* Required action
When the data below is printed, every line must match exactly and the images must be absent.

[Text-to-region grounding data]
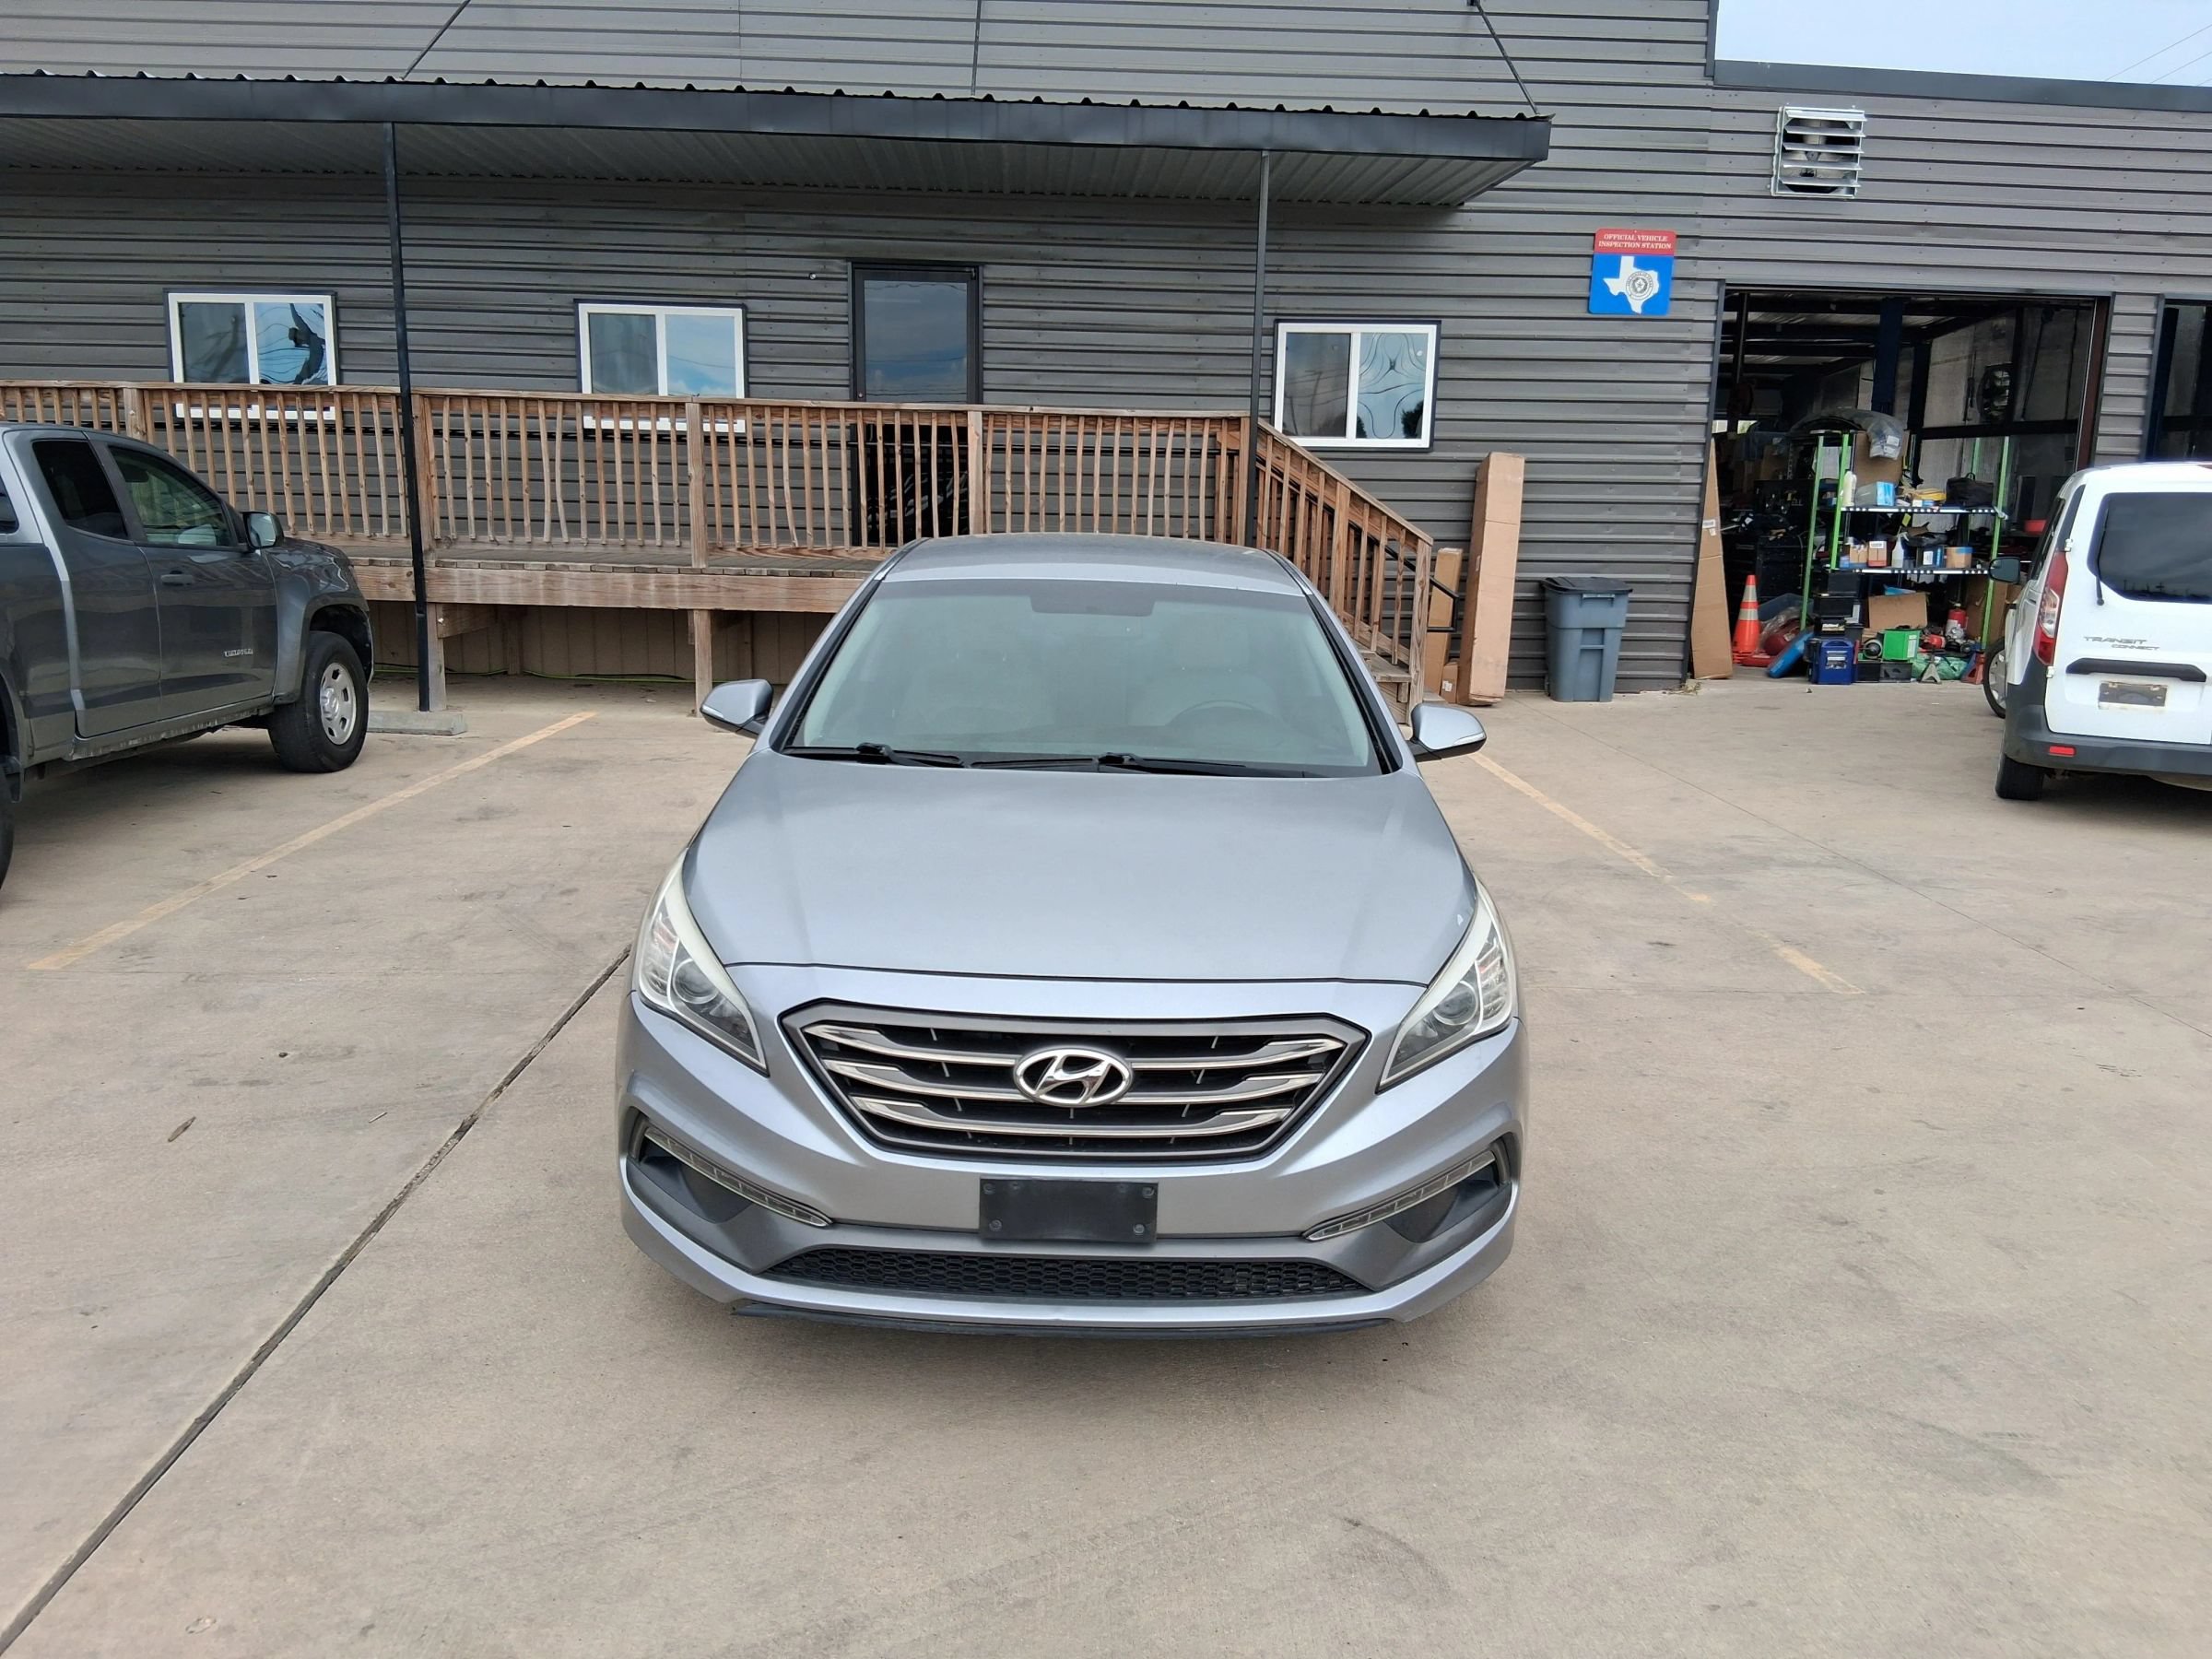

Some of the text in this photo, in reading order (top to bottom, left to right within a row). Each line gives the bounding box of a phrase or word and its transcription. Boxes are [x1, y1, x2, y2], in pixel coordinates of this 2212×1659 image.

[1637, 234, 1668, 242] VEHICLE
[1598, 241, 1672, 250] INSPECTION STATION
[2083, 636, 2147, 644] TRANSIT
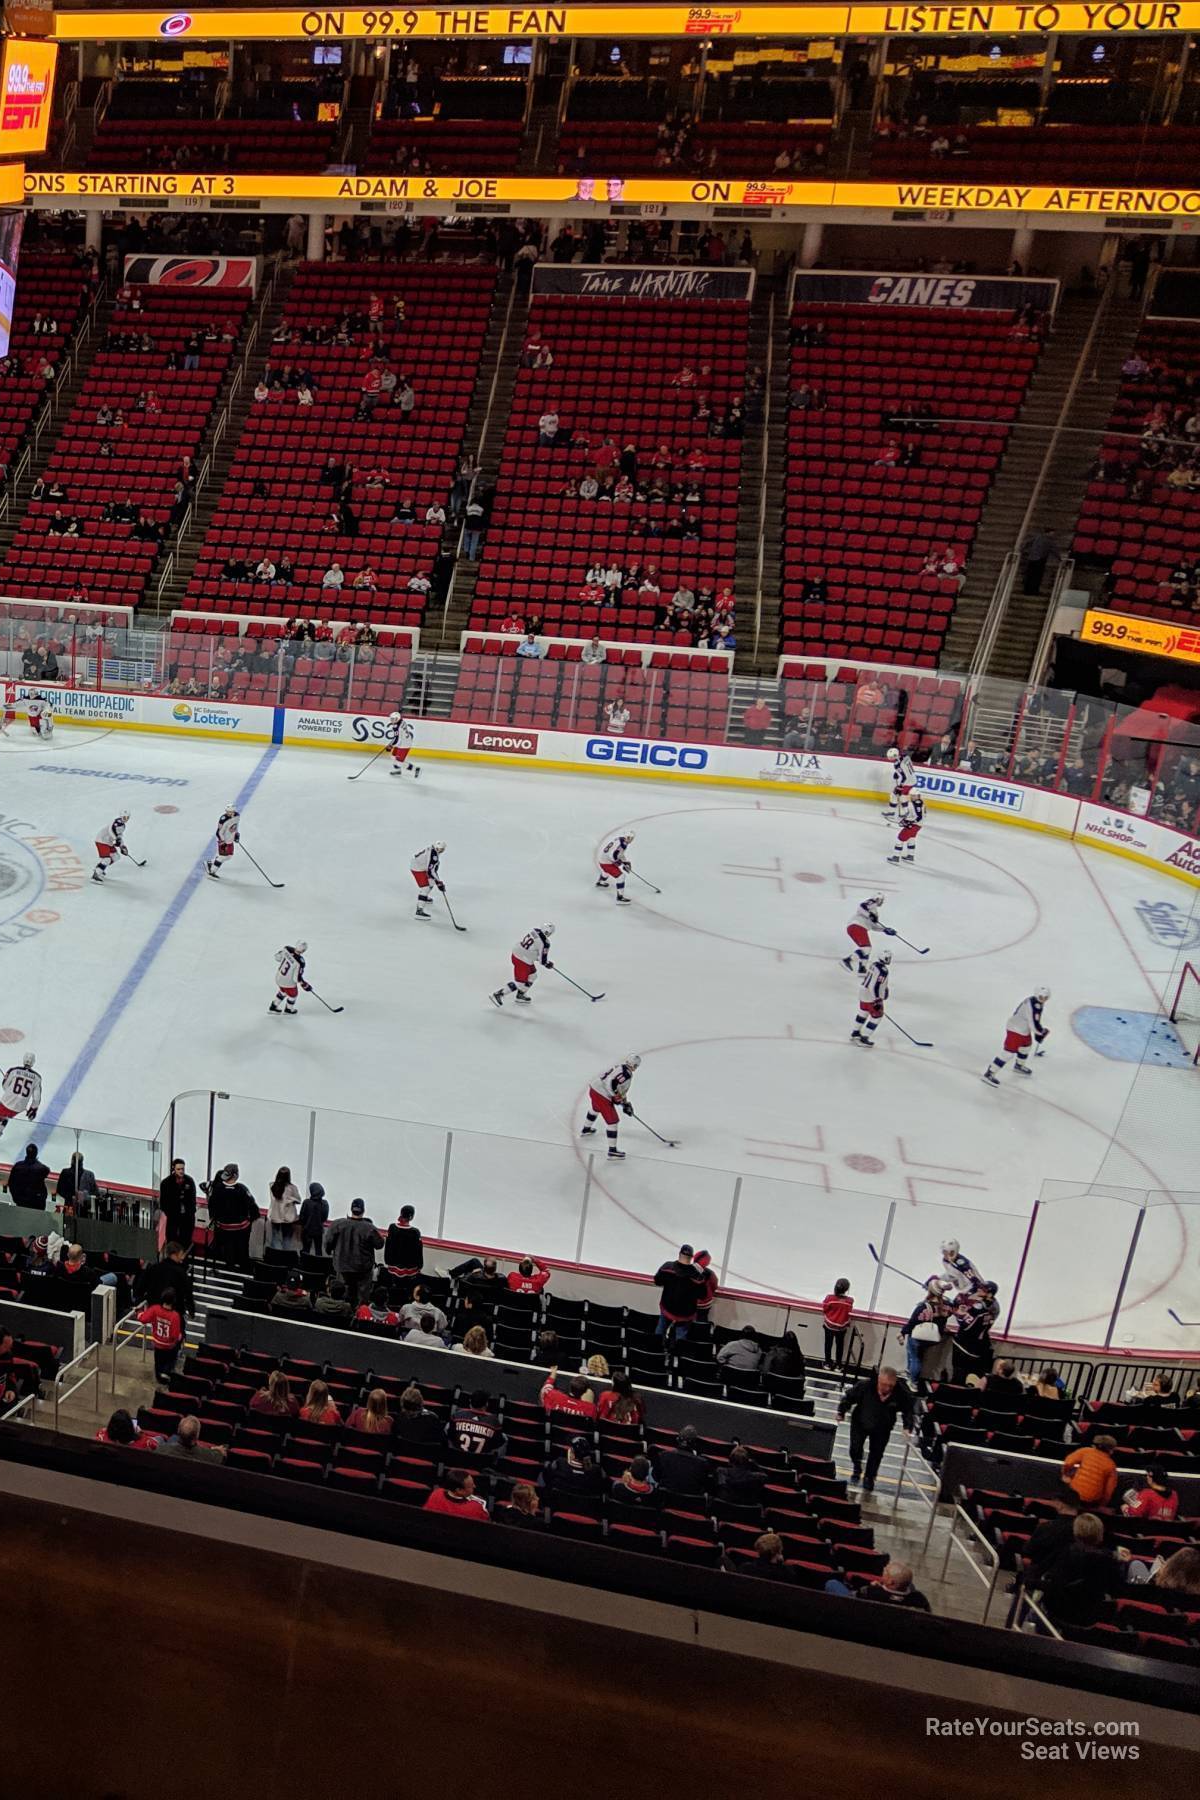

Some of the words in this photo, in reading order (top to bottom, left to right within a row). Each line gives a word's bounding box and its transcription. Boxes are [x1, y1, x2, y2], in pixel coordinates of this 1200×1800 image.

[301, 11, 344, 35] ON
[362, 11, 418, 35] 99.9
[436, 11, 490, 34] THE
[508, 10, 567, 34] FAN
[688, 8, 711, 20] 99.9
[884, 5, 991, 31] LISTEN
[1016, 4, 1060, 30] TO
[1084, 3, 1181, 29] YOUR
[7, 64, 28, 93] 99.9
[78, 175, 177, 194] STARTING
[191, 177, 218, 195] AT
[223, 178, 235, 195] 3
[338, 178, 408, 197] ADAM
[423, 179, 439, 197] &
[453, 179, 497, 198] JOE
[691, 182, 730, 202] ON
[898, 186, 1032, 208] WEEKDAY
[580, 271, 623, 293] TAKE
[631, 270, 716, 298] WARNING
[868, 277, 976, 306] CANES
[1091, 620, 1128, 639] 99.9
[64, 692, 135, 713] ORTHOPAEDIC
[64, 709, 85, 717] TEAM
[88, 711, 124, 720] DOCTORS
[193, 713, 240, 729] Lottery
[298, 717, 343, 728] ANALYTICS
[297, 724, 332, 733] POWERED
[473, 732, 533, 750] Lenovo
[586, 739, 708, 770] GEICO
[775, 752, 822, 769] DNA
[30, 764, 190, 787] ticketmaster
[914, 774, 956, 794] BUD
[958, 783, 1020, 807] LIGHT
[1084, 822, 1148, 849] NHLSHOP.com
[32, 835, 85, 893] ARENA
[279, 958, 291, 976] 13
[13, 1077, 33, 1097] 65
[459, 1433, 486, 1454] 37

* Output
Some of the text in this photo, in reading order (top to bottom, left to right within a row). Each line gives the bounding box of a phrase or word and its transcription. Boxes are [x1, y1, x2, y2], in pixel coordinates of this 2212×1659 image.

[1637, 234, 1668, 242] VEHICLE
[1598, 241, 1672, 250] INSPECTION STATION
[2083, 636, 2147, 644] TRANSIT

Some of the words in this photo, in reading order (top to bottom, left to right within a row). Each line gives a word's bounding box and its transcription. Boxes are [x1, y1, x2, y2], in pixel coordinates of this 1200×1800 image.

[301, 11, 344, 35] ON
[362, 11, 418, 35] 99.9
[436, 11, 490, 34] THE
[508, 10, 567, 34] FAN
[688, 8, 711, 20] 99.9
[884, 5, 991, 31] LISTEN
[1016, 4, 1060, 30] TO
[1084, 3, 1181, 29] YOUR
[7, 64, 28, 93] 99.9
[78, 175, 177, 194] STARTING
[191, 177, 218, 195] AT
[223, 178, 235, 195] 3
[338, 178, 408, 197] ADAM
[423, 179, 439, 197] &
[453, 179, 497, 198] JOE
[691, 182, 730, 202] ON
[898, 186, 1032, 208] WEEKDAY
[580, 271, 623, 293] TAKE
[631, 270, 716, 298] WARNING
[868, 277, 976, 306] CANES
[1091, 620, 1128, 639] 99.9
[64, 692, 135, 713] ORTHOPAEDIC
[64, 709, 85, 717] TEAM
[88, 711, 124, 720] DOCTORS
[193, 713, 240, 729] Lottery
[298, 717, 343, 728] ANALYTICS
[297, 724, 332, 733] POWERED
[473, 732, 533, 750] Lenovo
[586, 739, 708, 770] GEICO
[775, 752, 822, 769] DNA
[30, 764, 190, 787] ticketmaster
[914, 774, 956, 794] BUD
[958, 783, 1020, 807] LIGHT
[1084, 822, 1148, 849] NHLSHOP.com
[32, 835, 85, 893] ARENA
[279, 958, 291, 976] 13
[13, 1077, 33, 1097] 65
[459, 1433, 486, 1454] 37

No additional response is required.